== PROBLEM DESCRIPTION ==
After locating the line that contains "Some of the words" in the following entries, reproduce it and each later line exactly, including the last.

== INPUT DATA ==

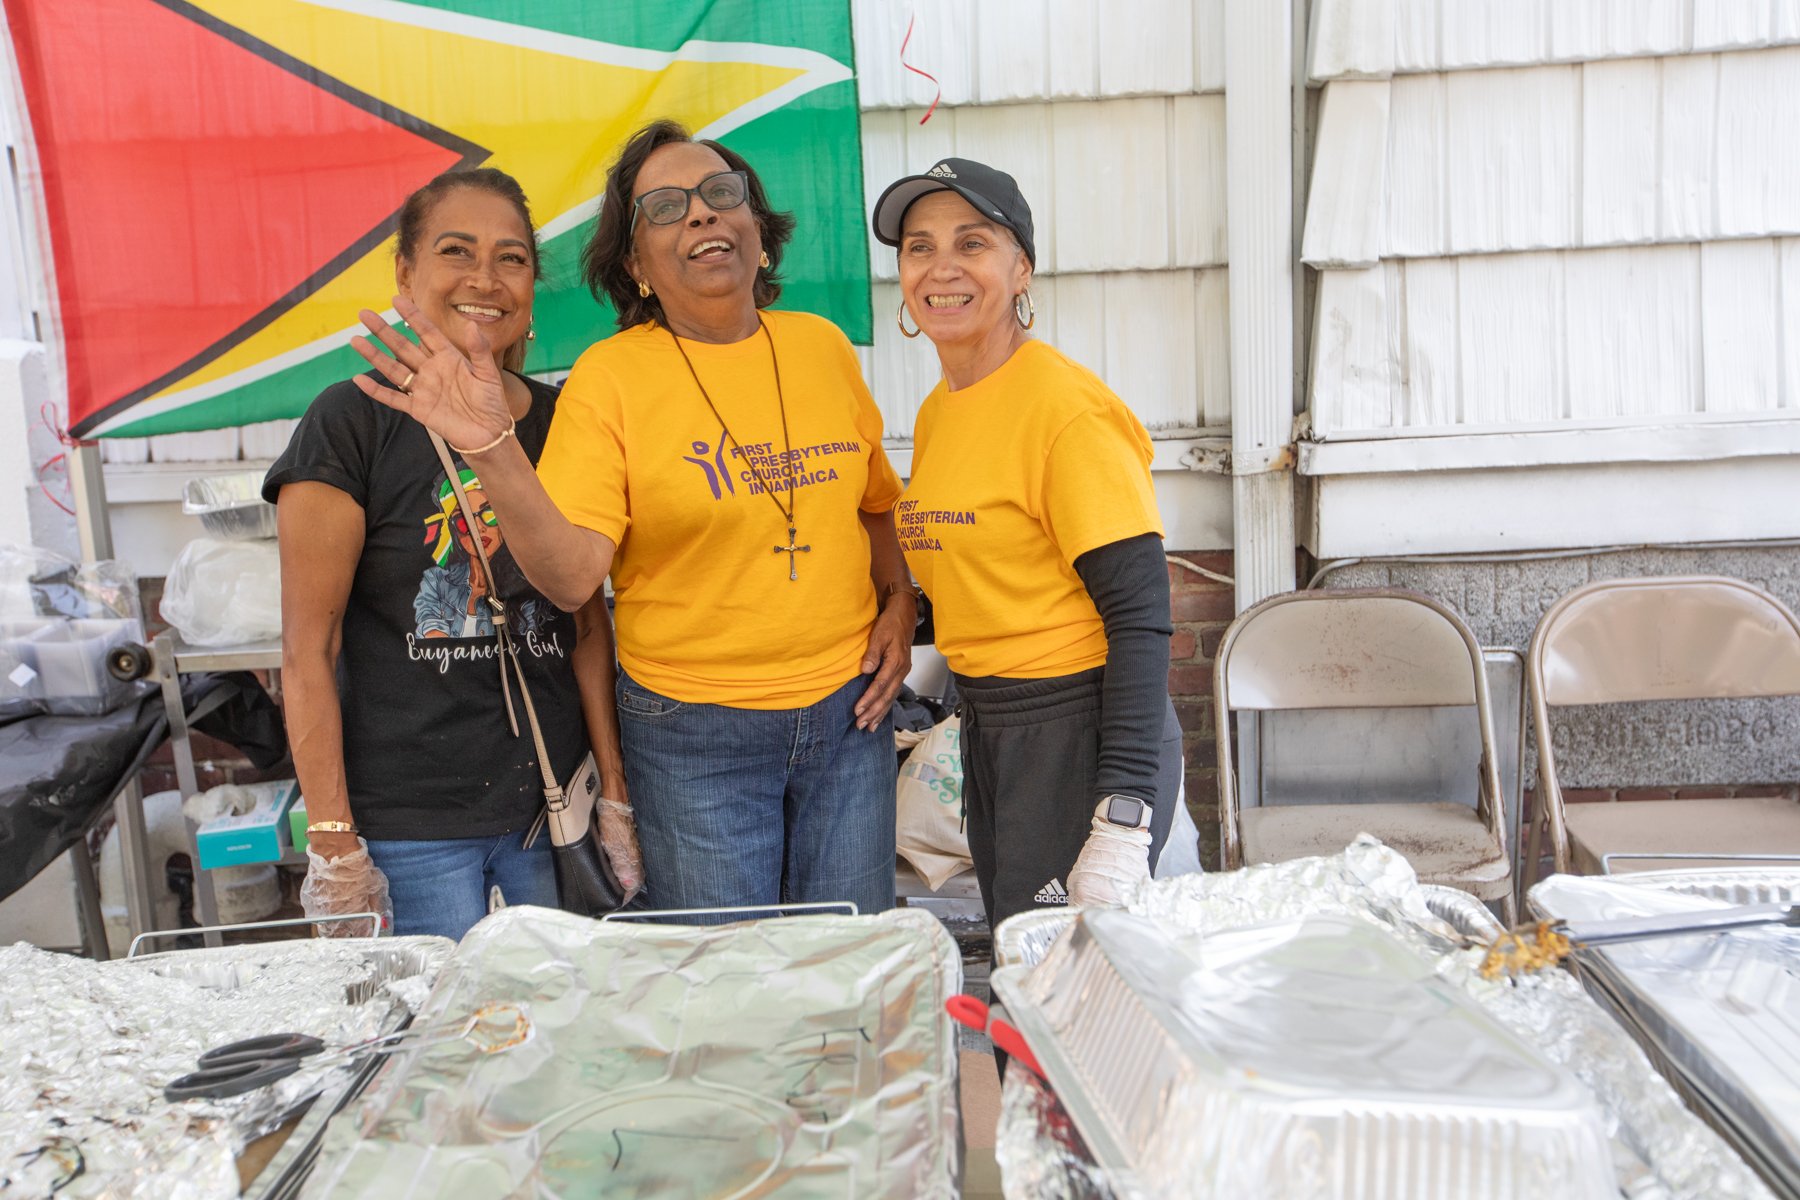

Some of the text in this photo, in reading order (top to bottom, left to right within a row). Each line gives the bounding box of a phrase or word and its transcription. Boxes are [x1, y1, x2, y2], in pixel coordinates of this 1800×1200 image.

[730, 443, 772, 459] FIRST
[750, 442, 860, 468] PRESBYTERIAN
[740, 462, 805, 483] CHURCH
[748, 468, 838, 495] IN JAMAICA
[898, 500, 919, 513] FIRST
[901, 511, 976, 525] PRESBYTERIAN
[526, 630, 564, 658] Girl
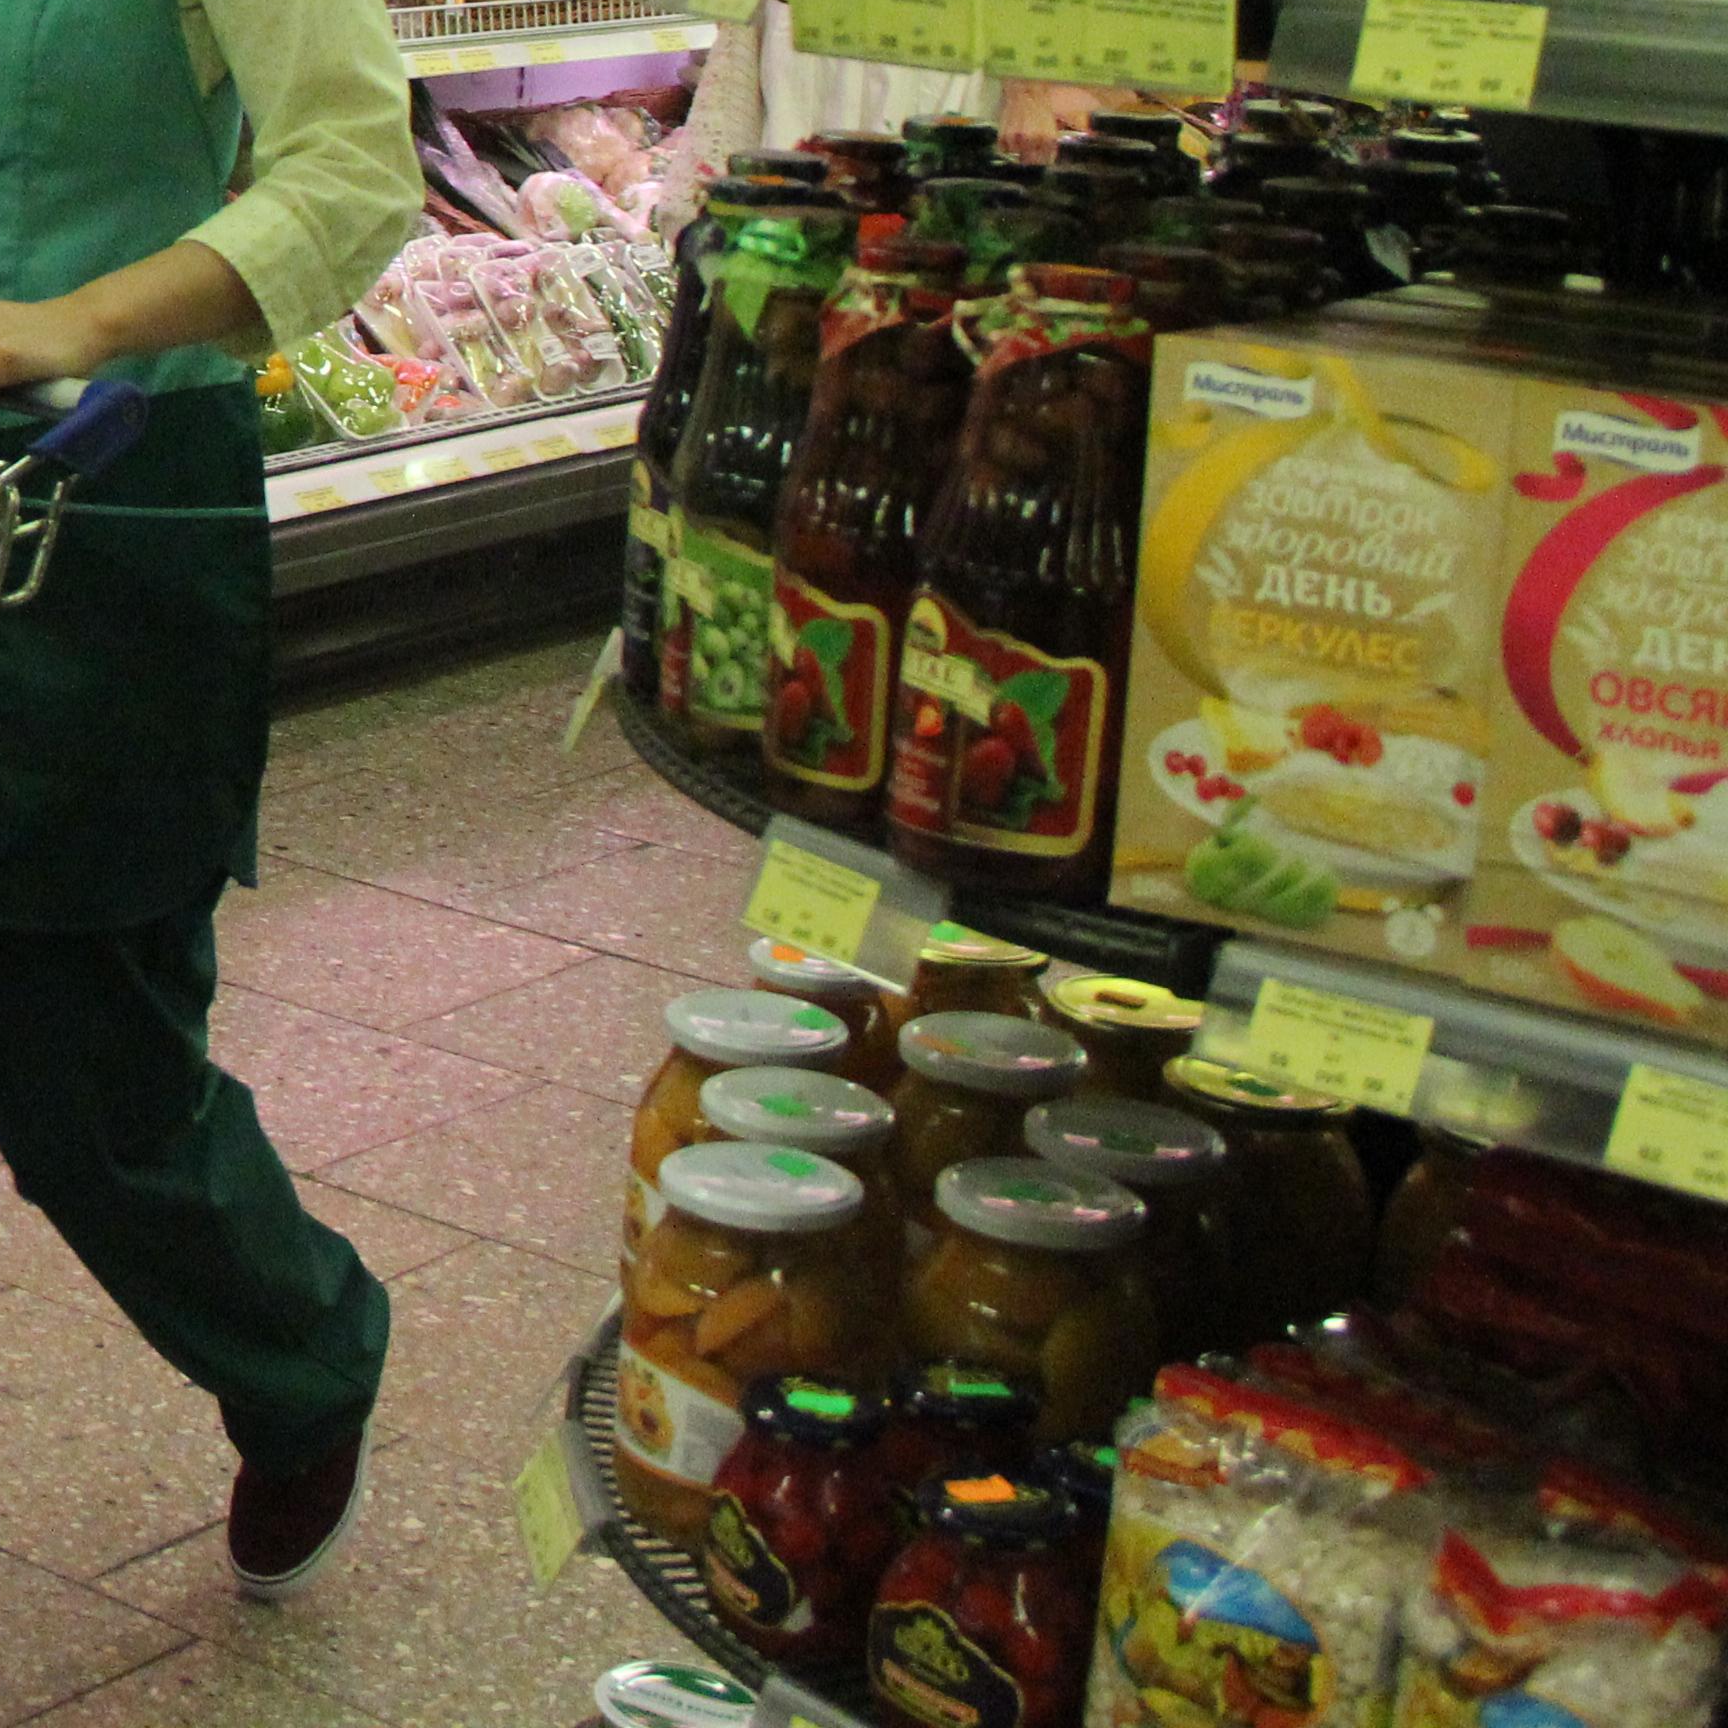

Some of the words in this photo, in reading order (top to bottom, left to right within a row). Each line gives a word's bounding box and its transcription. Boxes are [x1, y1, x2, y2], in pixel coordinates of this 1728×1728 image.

[1192, 371, 1305, 409] Мистраль
[1561, 421, 1690, 461] Мистраль
[1254, 565, 1395, 619] ДЕНЬ

== SOLUTION BELOW ==
Some of the words in this photo, in reading order (top to bottom, left to right within a row). Each line gives a word's bounding box and its transcription. Boxes are [x1, y1, x2, y2], in pixel coordinates of this 1728×1728 image.

[1192, 371, 1305, 409] Мистраль
[1561, 421, 1690, 461] Мистраль
[1254, 565, 1395, 619] ДЕНЬ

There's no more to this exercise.